→ TASK TO CARRY OUT
Leave every picture out, and retype all the remaining records exactly.

Data entries
────

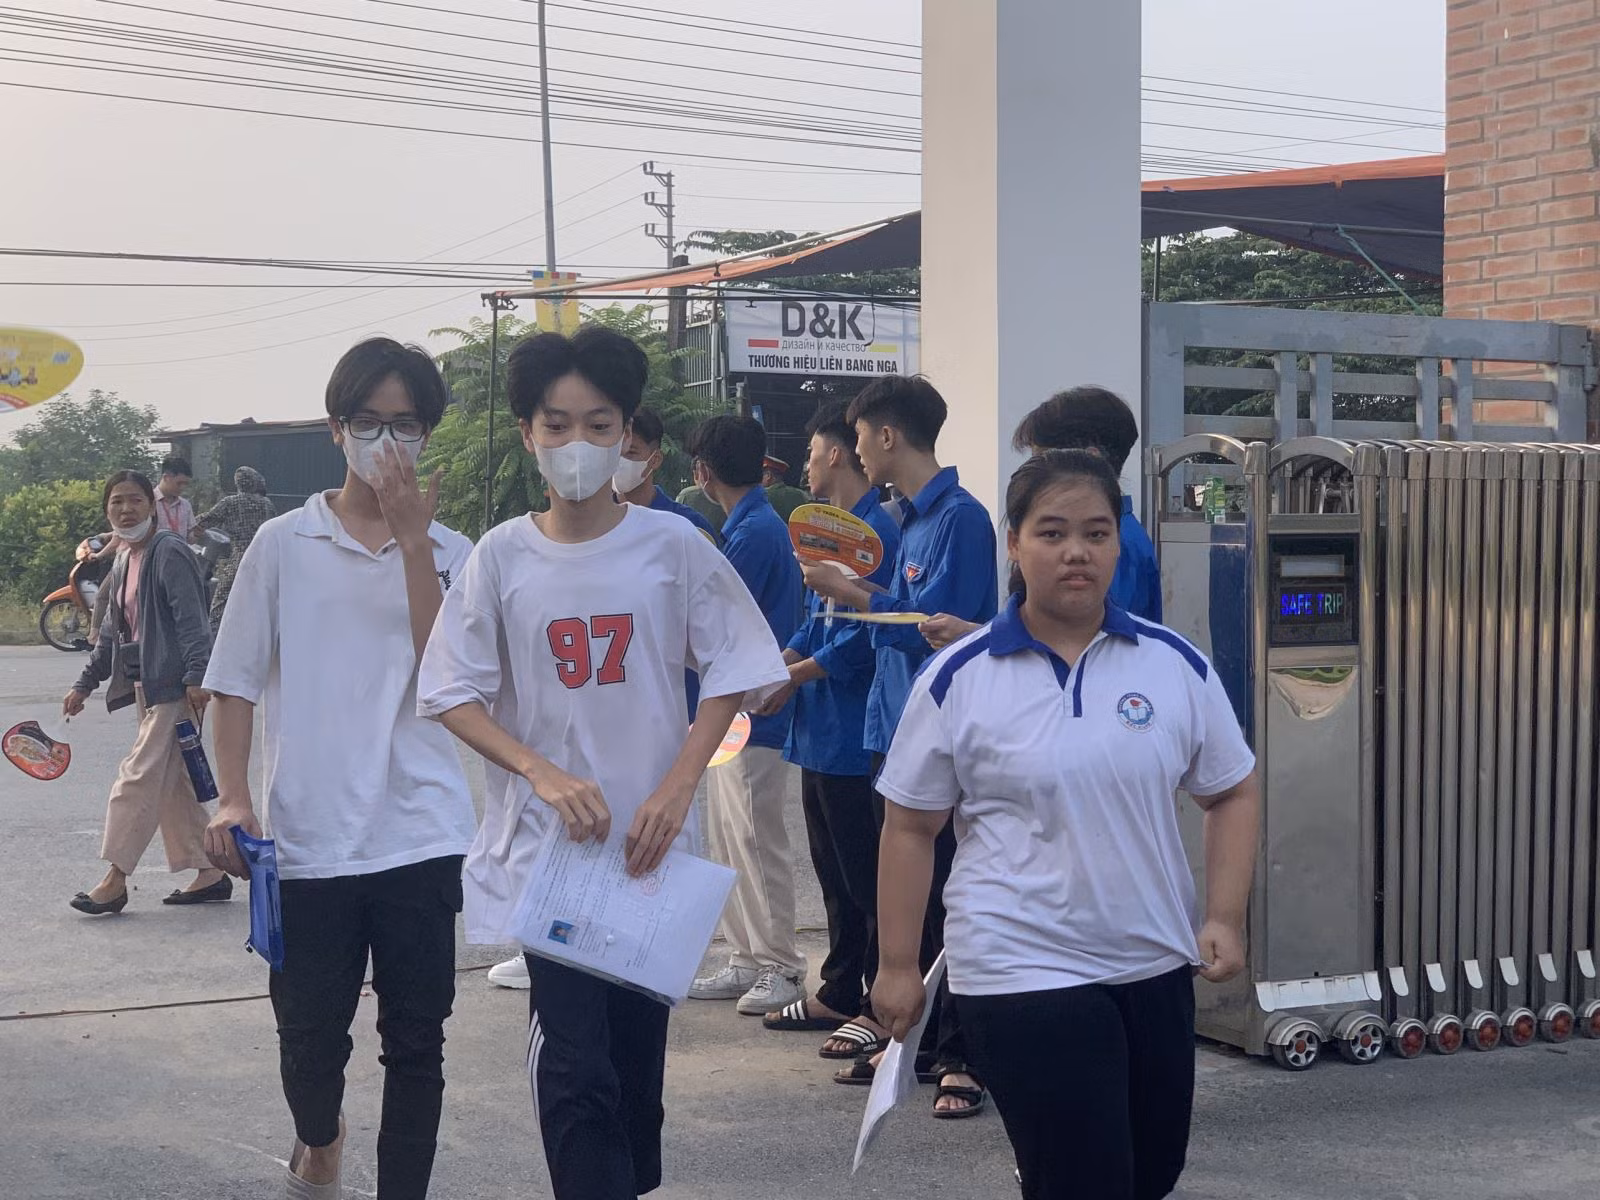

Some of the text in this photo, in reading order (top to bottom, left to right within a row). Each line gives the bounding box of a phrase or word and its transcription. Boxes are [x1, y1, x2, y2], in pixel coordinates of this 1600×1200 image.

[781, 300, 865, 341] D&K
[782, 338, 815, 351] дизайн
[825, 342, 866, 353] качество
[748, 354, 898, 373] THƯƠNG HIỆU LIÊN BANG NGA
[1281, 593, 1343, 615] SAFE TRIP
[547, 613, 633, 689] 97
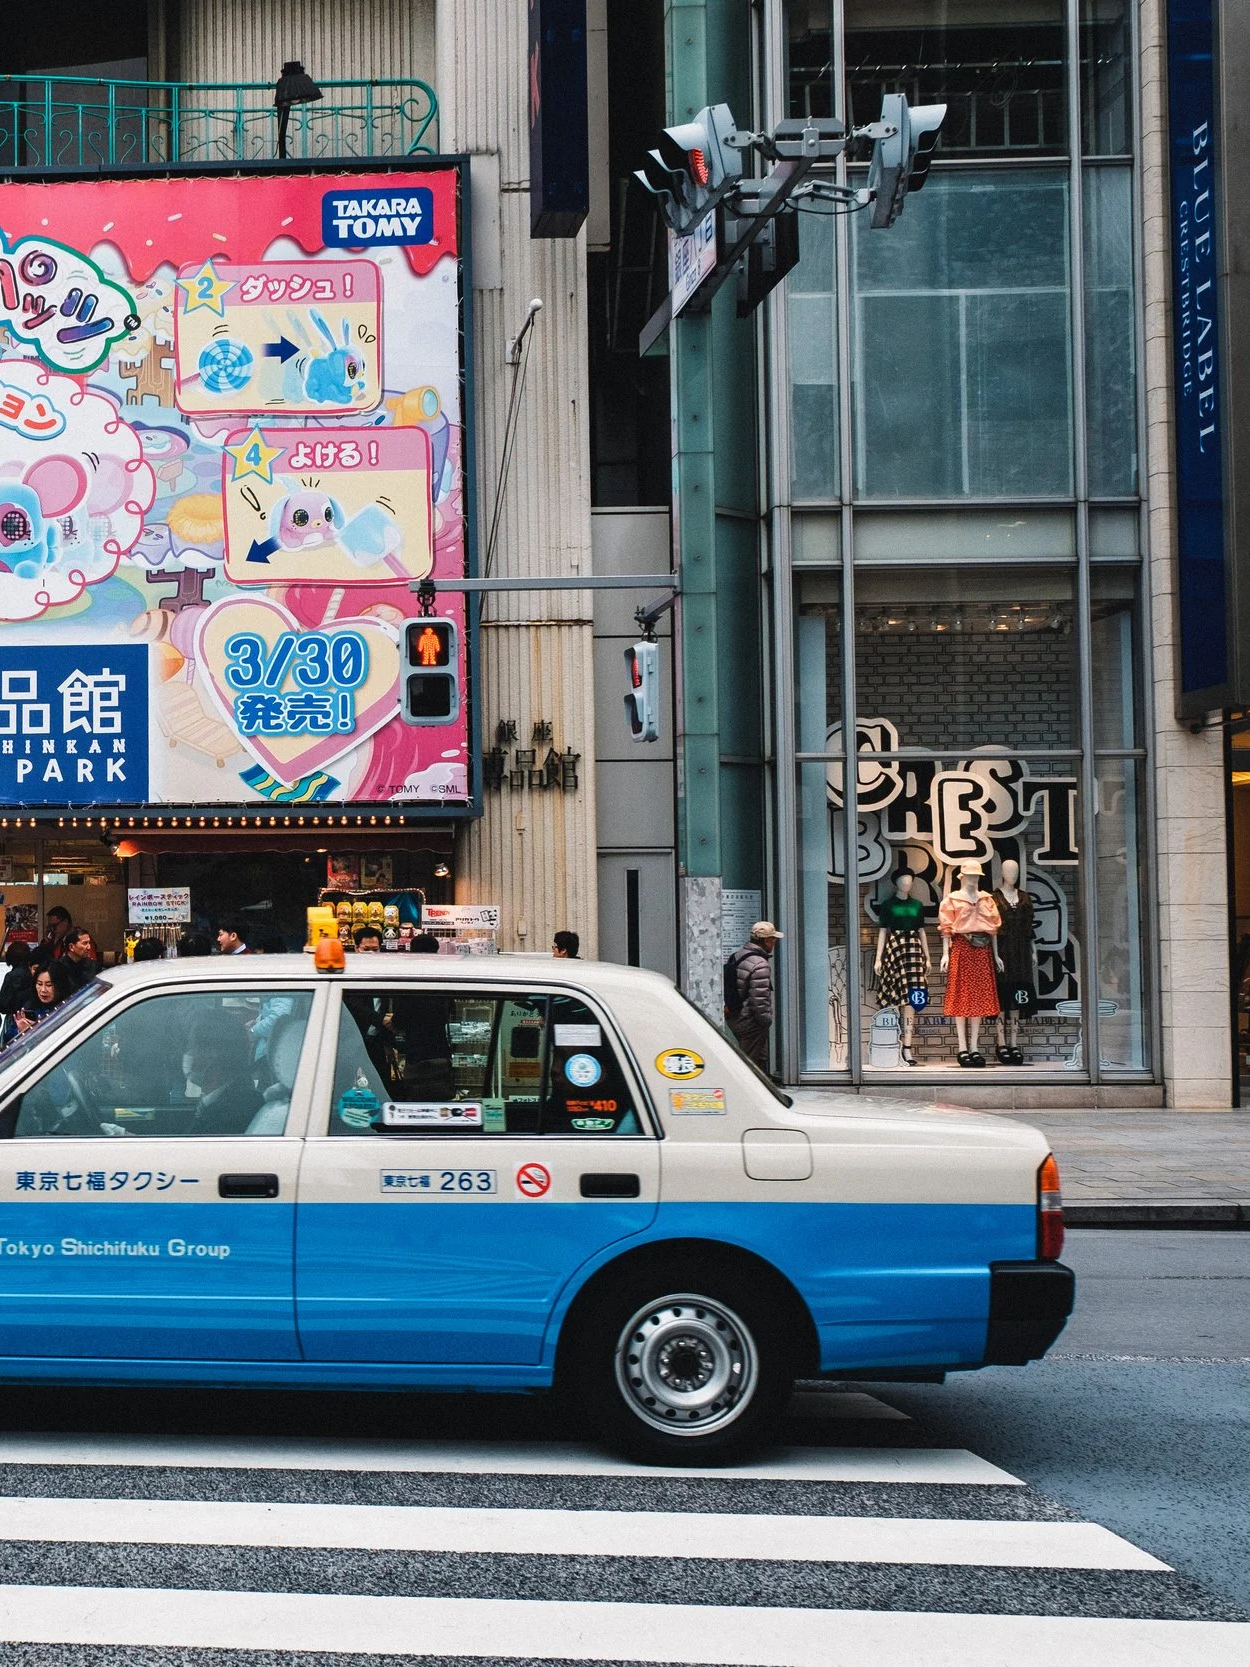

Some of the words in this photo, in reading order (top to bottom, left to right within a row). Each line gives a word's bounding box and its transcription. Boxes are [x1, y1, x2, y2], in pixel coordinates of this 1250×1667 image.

────

→ EXPECTED OUTPUT
Some of the text in this photo, in reading order (top to bottom, left to right within a row). Each line gives the bounding box of a phrase or word and its transcription. Boxes are [x1, y1, x2, y2], in pixel coordinates of this 1600×1200 image.

[781, 300, 865, 341] D&K
[782, 338, 815, 351] дизайн
[825, 342, 866, 353] качество
[748, 354, 898, 373] THƯƠNG HIỆU LIÊN BANG NGA
[1281, 593, 1343, 615] SAFE TRIP
[547, 613, 633, 689] 97

Some of the words in this photo, in reading order (top to bottom, left to right within a row). Each line gives a word's bounding box and its transcription. Boxes are [x1, y1, x2, y2], in pixel coordinates of this 1250×1667 image.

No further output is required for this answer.